The Cystic Fibrosis Foundation (www.cff.org) sets the standards for the diagnosis and care of patients with Cystic Fibrosis. Children’s Mercy Hospital is accredited by the Cystic Fibrosis Foundation and that accreditation includes inspection of the laboratory for its testing procedures. The sweat test has been the “gold standard” for diagnosis for 40 years and remains so today. The sweat test determines the amount of chloride in sweat. Sweating is induced on the forearm by pilocarpine iontophoresis and the sweat is collected on gauze or filter paper or in microbore tubing for analysis. A minimum amount of sweat must be collected for a valid test. Other methods are available but are not as reliable and are not sanctioned by the Cystic Fibrosis Foundation.

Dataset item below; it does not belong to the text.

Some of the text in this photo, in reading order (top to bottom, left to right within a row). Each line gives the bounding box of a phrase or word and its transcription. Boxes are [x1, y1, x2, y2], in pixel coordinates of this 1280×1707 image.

Tests need to be interpreted in the context of the family history and clinical presentation. Values 0-40 mmol/L are considered negative but very rarely can be found in patients with genetically proven CF. Borderline values (41-60 mmol/L) require additional workup. Values over 60 mmol/L are consistent with CF. There are other conditions that can increase sweat chloride. The Cystic Fibrosis Foundation recommends repeating all positives on a separate occasion.
It takes about one hour to complete the collection of sweat from the patient and requires an appointment which can be made by phone (816-234-1530 for Main Campus or 913-696-8210 for Children’s Mercy South). The collection process is difficult. . In order to minimize technical failures only specially trained people with frequent experience perform the collections.

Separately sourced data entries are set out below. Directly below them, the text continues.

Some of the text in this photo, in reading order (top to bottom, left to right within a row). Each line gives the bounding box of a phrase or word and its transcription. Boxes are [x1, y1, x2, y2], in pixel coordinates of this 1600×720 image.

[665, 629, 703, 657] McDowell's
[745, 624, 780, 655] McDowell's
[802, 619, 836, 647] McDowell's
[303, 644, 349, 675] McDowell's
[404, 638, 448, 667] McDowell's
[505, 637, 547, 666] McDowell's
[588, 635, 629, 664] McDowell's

A small fraction of CF patients do not have diagnostic sweat chloride results, borderline results, or may not sweat enough to do the sweat chloride test. In these cases there are two choices. The sweat test can be repeated. Alternatively, a molecular genetic test can be performed. Children’s Mercy Hospital sends genetic testing to Genzyme Laboratories where the test includes 86 mutations. Please call the lab 816-931-8080 ahead of time for details. Approximately 3 cc in a purple top tube is required. There is a form that needs to be filled out providing the lab with clinical information. There are a few patients who have positive sweat tests and are affected (have CF) and have only one or even no identifiable genetic mutation. The detection rate of this molecular genetic test is 92.6% in Caucasian patients.
Patients with CF have frequent respiratory infections. The Microbiology Laboratory at Children’s Mercy Hospital is inspected by the Cystic Fibrosis Foundation and accredited for the special procedures it uses to diagnosis respiratory infections in patients with CF.